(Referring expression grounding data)
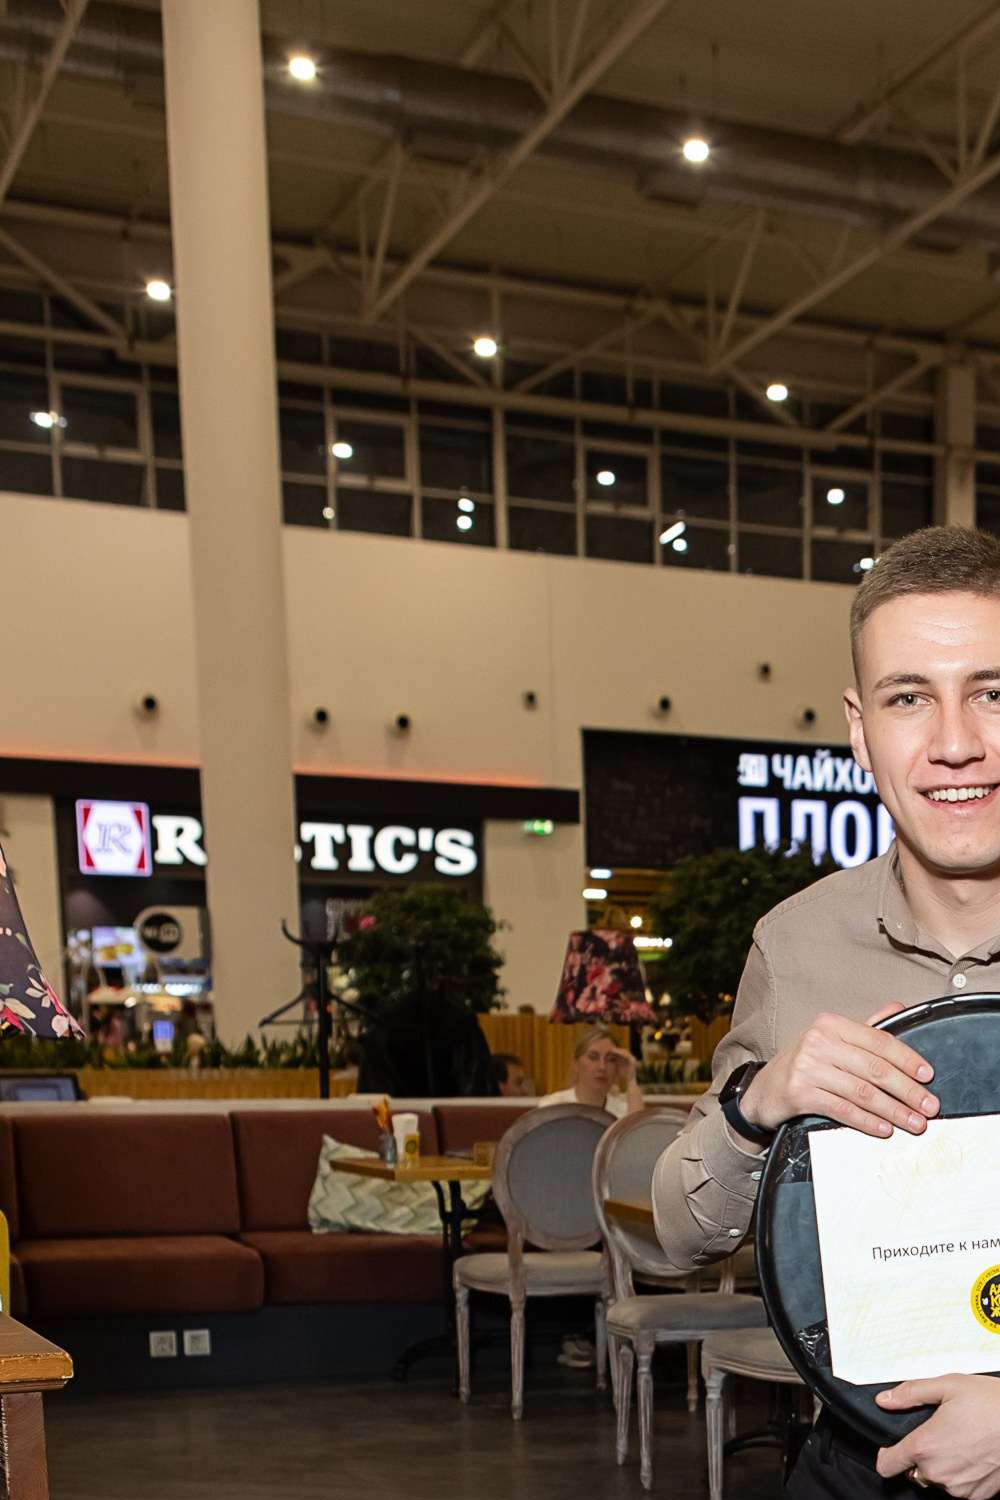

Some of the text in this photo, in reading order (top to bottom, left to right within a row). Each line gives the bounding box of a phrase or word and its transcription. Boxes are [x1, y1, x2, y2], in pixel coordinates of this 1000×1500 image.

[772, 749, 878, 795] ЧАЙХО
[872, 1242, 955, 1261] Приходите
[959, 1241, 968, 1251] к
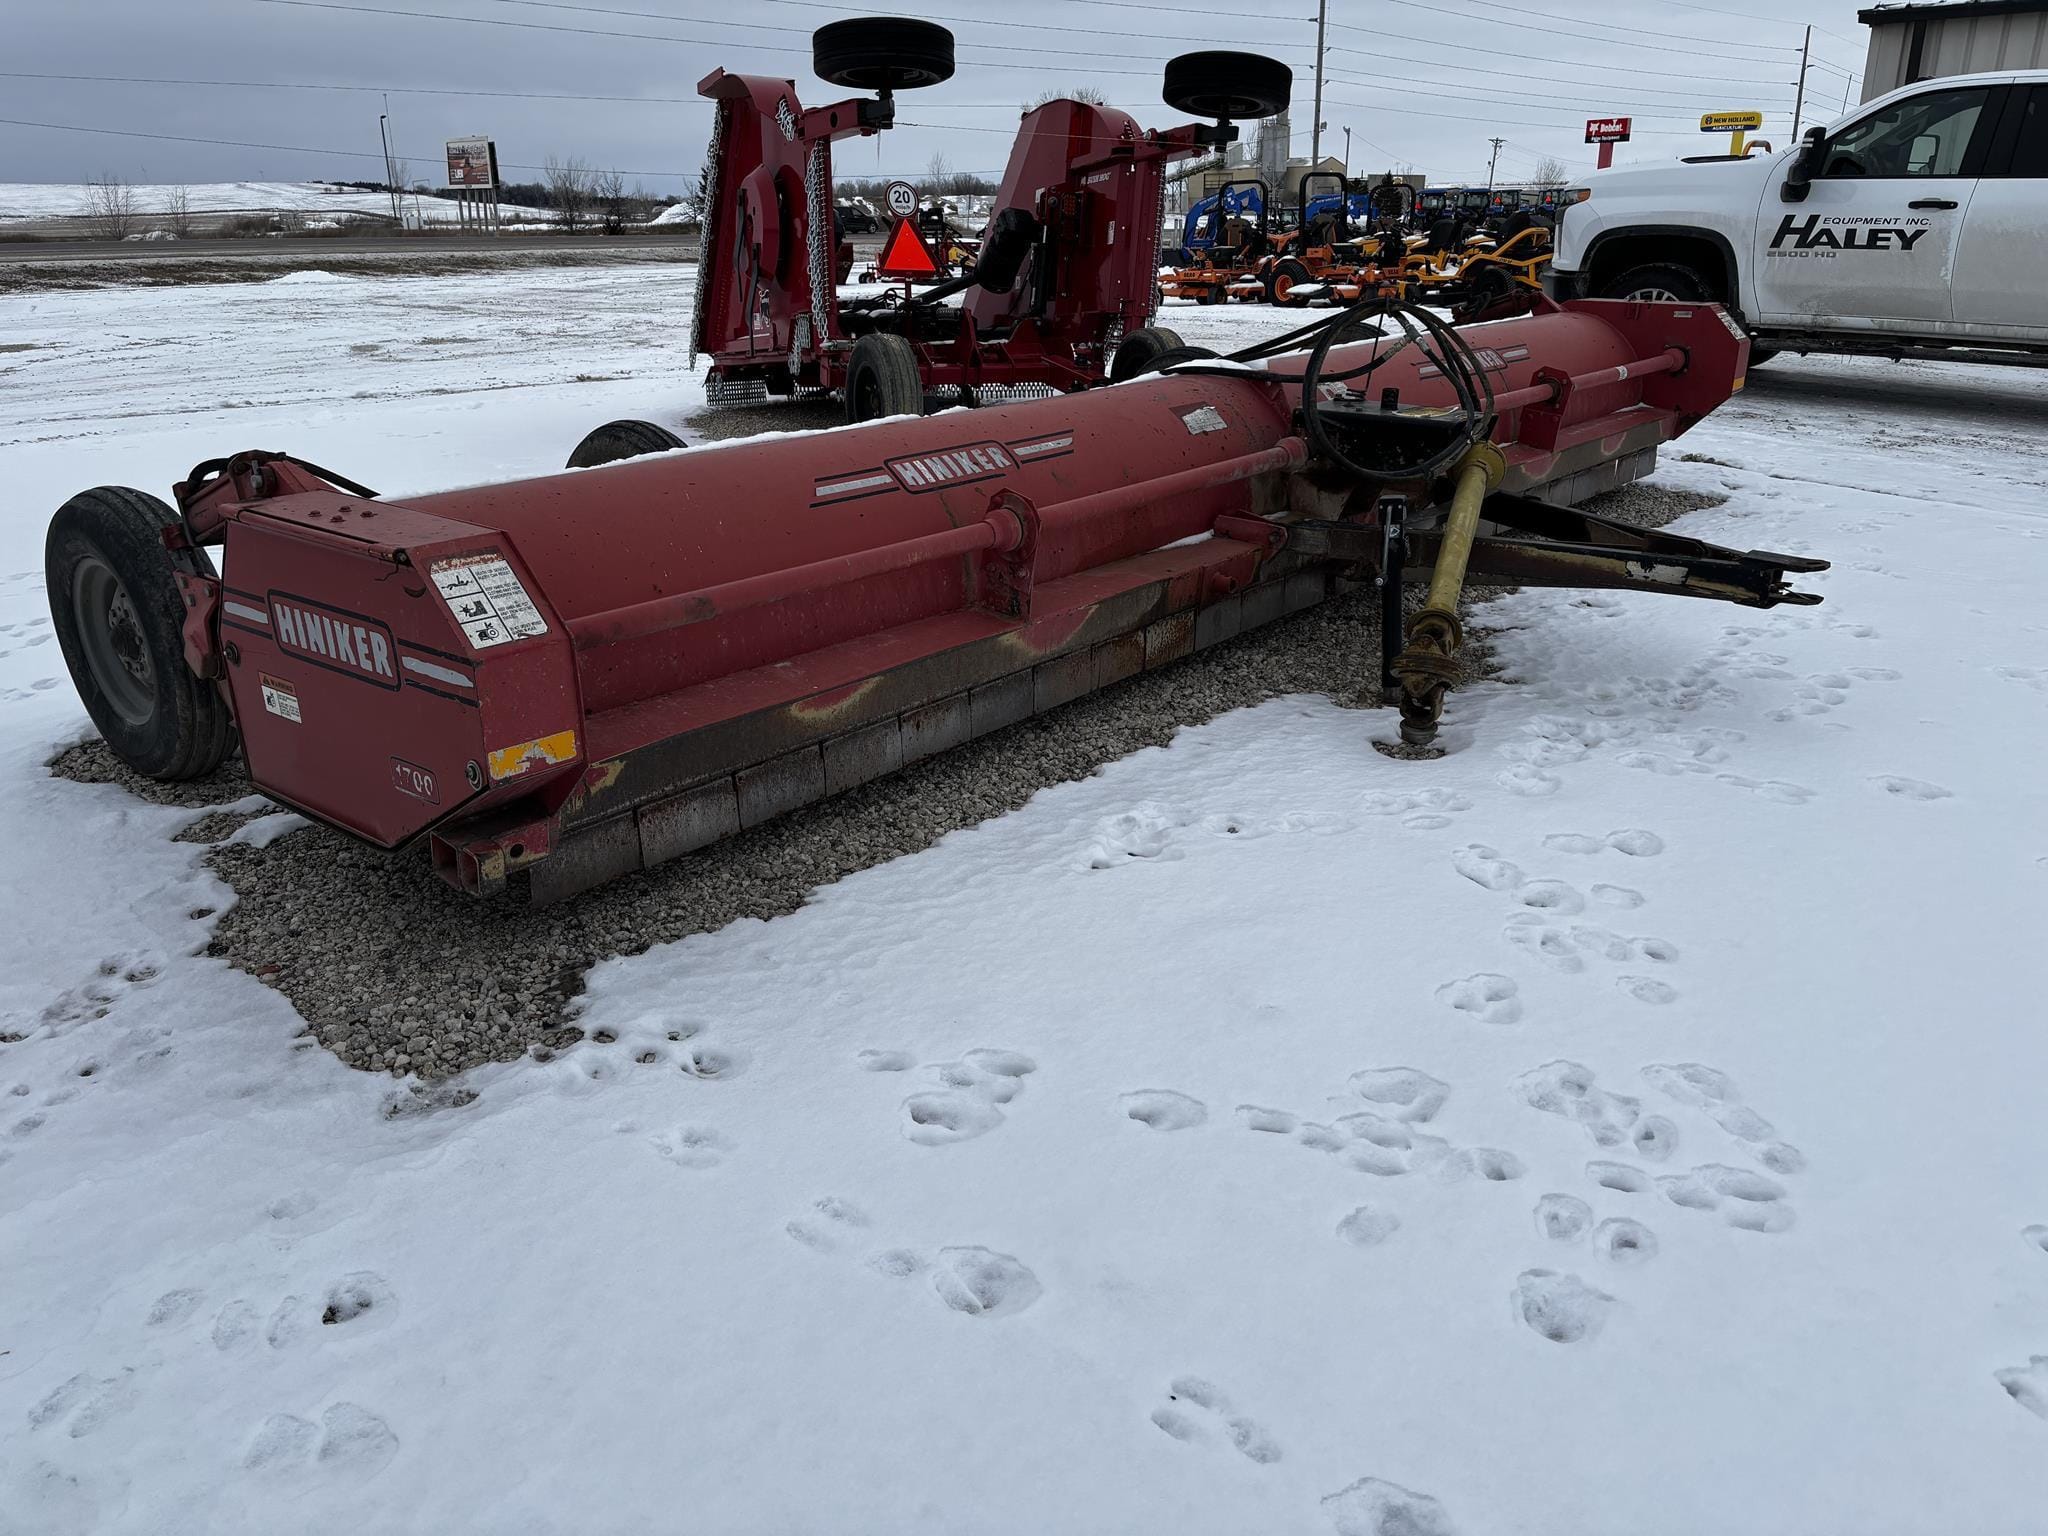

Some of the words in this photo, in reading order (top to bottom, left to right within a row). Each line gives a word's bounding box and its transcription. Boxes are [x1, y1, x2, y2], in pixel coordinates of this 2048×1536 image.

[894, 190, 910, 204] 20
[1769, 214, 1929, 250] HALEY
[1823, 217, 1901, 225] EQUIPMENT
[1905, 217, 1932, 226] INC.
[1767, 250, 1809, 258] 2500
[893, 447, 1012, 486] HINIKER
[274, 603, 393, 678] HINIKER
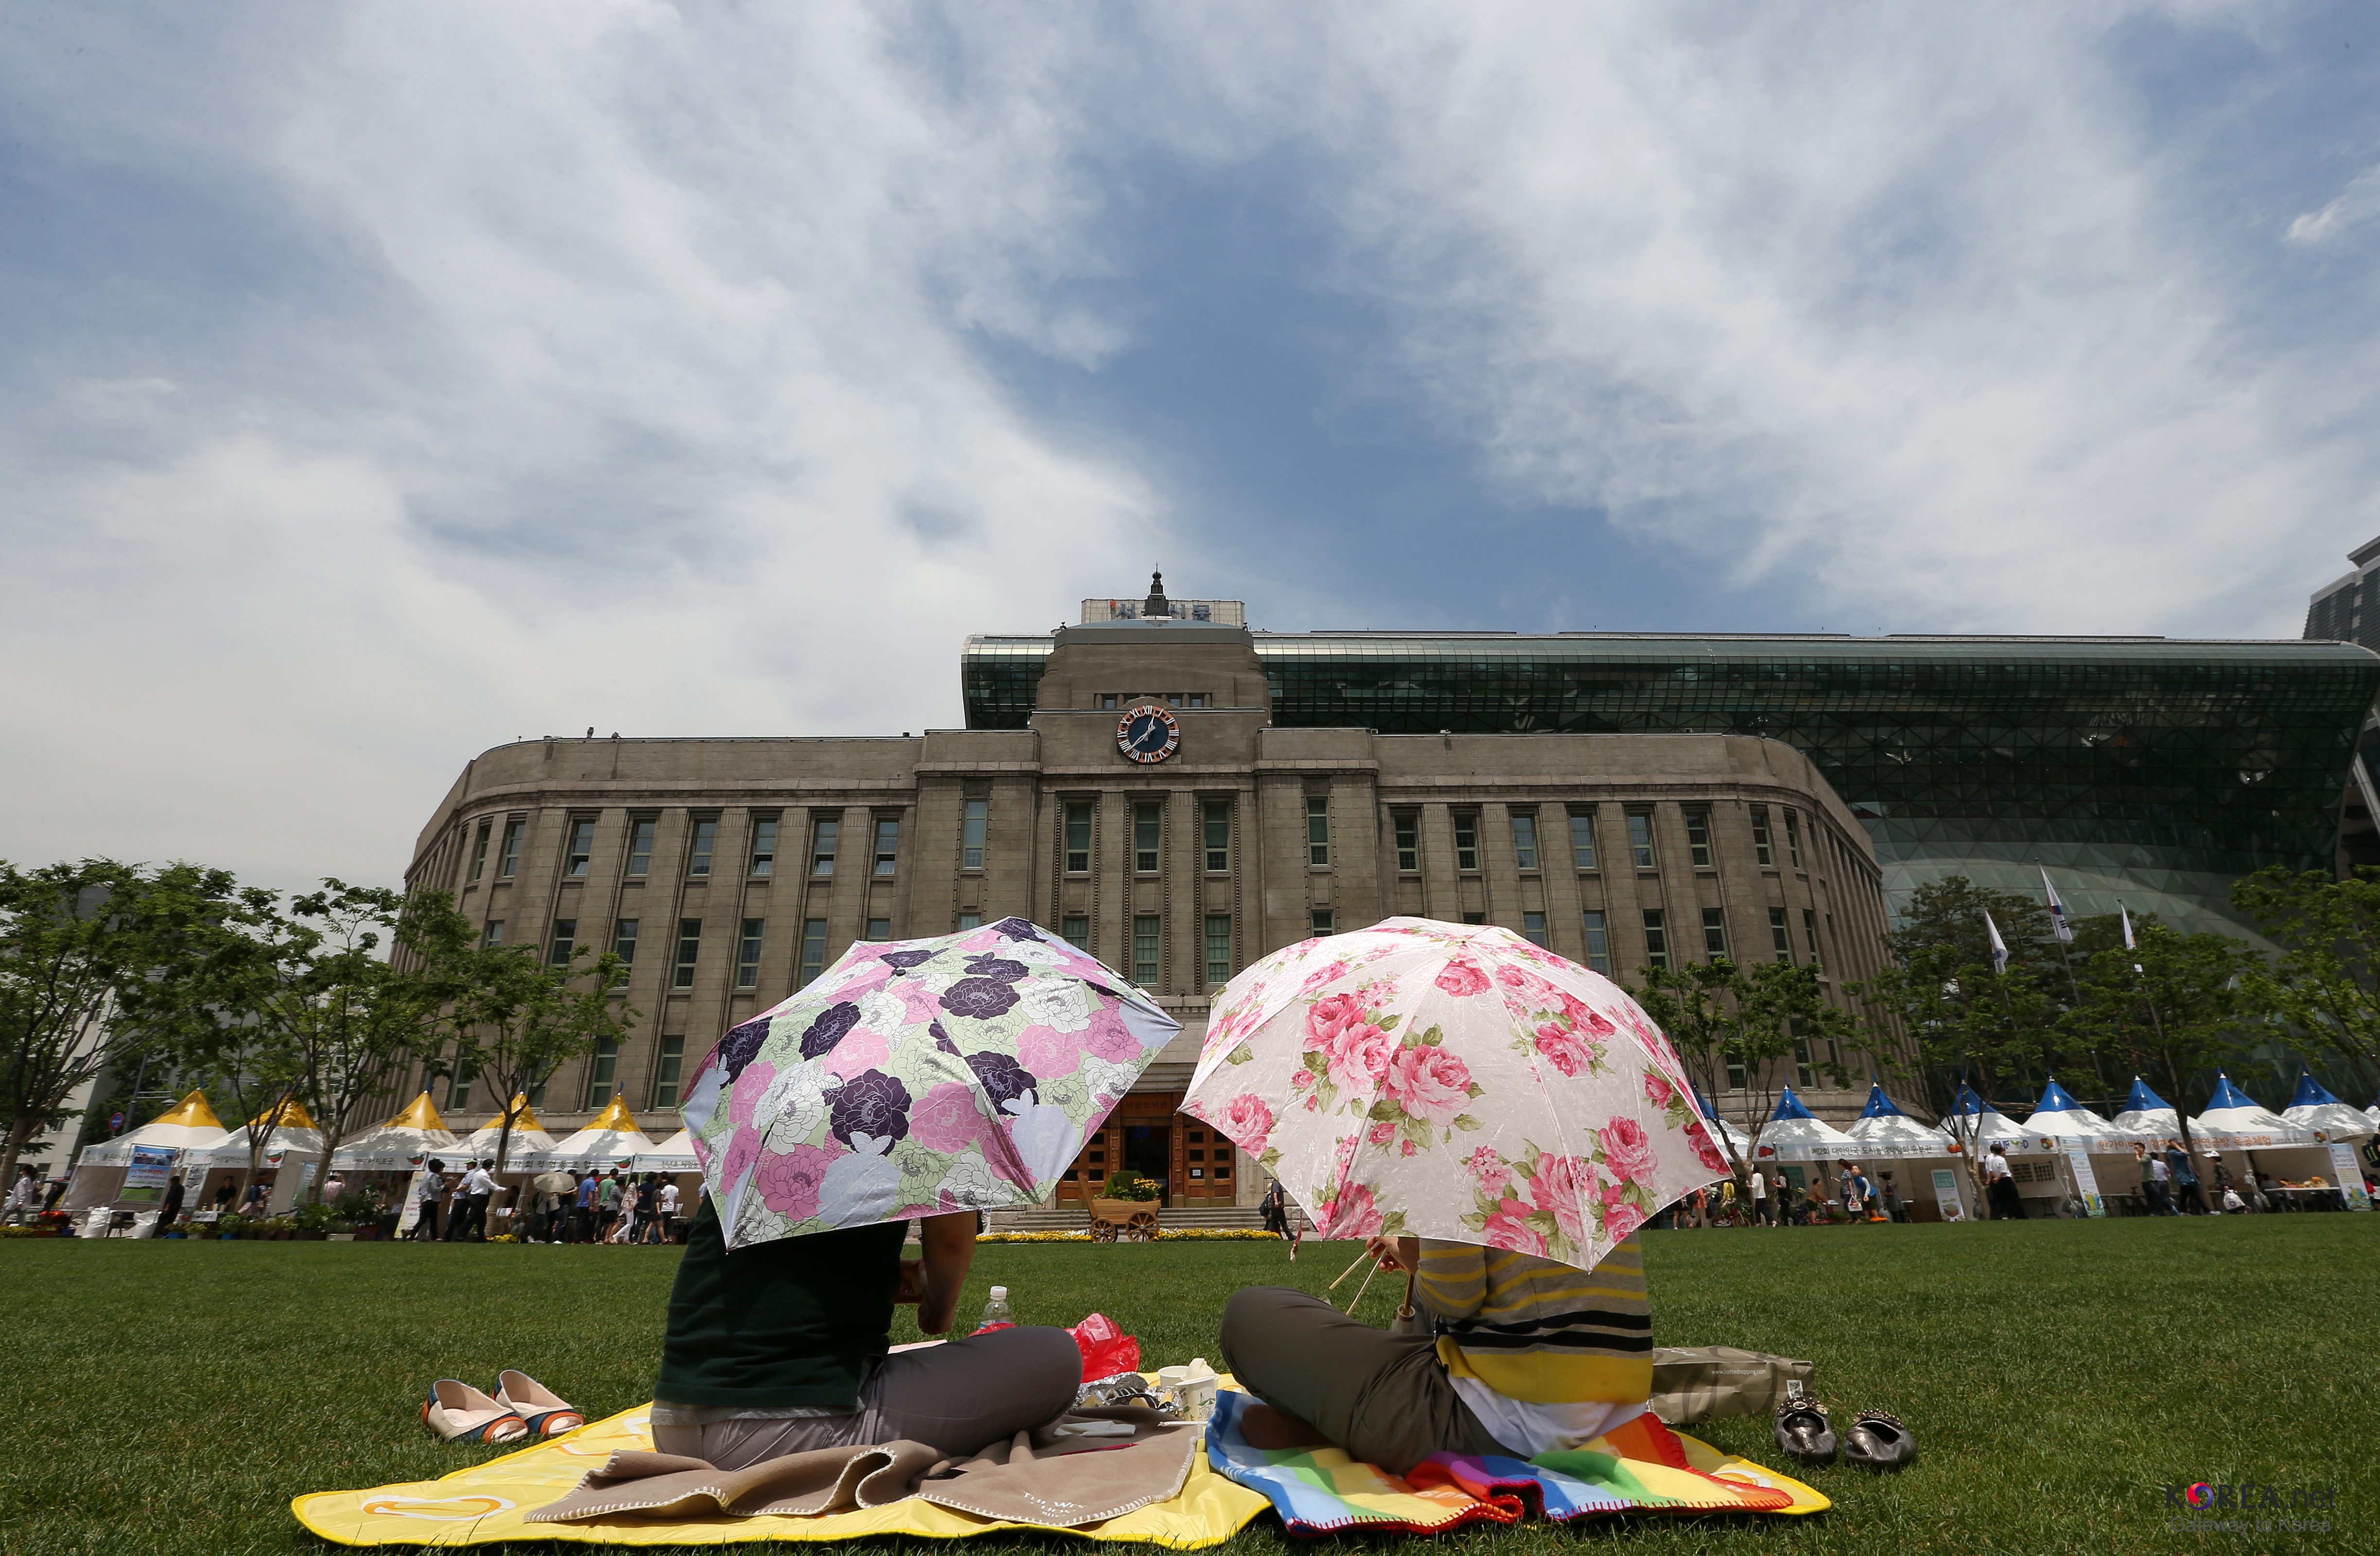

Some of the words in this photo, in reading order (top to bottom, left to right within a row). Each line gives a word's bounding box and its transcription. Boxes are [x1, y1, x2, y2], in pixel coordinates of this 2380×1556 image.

• EXERCISE REQUIREMENTS:
Pictures stay out; reproduce exactly the lines from the one containing "this 2048×1536 image." through the end of the data.

• RESULT:
Some of the words in this photo, in reading order (top to bottom, left to right within a row). Each line gives a word's bounding box and its transcription. Boxes are [x1, y1, x2, y2], in pixel coordinates of this 2048×1536 image.

[894, 190, 910, 204] 20
[1769, 214, 1929, 250] HALEY
[1823, 217, 1901, 225] EQUIPMENT
[1905, 217, 1932, 226] INC.
[1767, 250, 1809, 258] 2500
[893, 447, 1012, 486] HINIKER
[274, 603, 393, 678] HINIKER

Some of the words in this photo, in reading order (top to bottom, left to right within a row). Each line gives a word's bounding box and its transcription. Boxes are [x1, y1, x2, y2], in pixel coordinates of this 2380×1556 image.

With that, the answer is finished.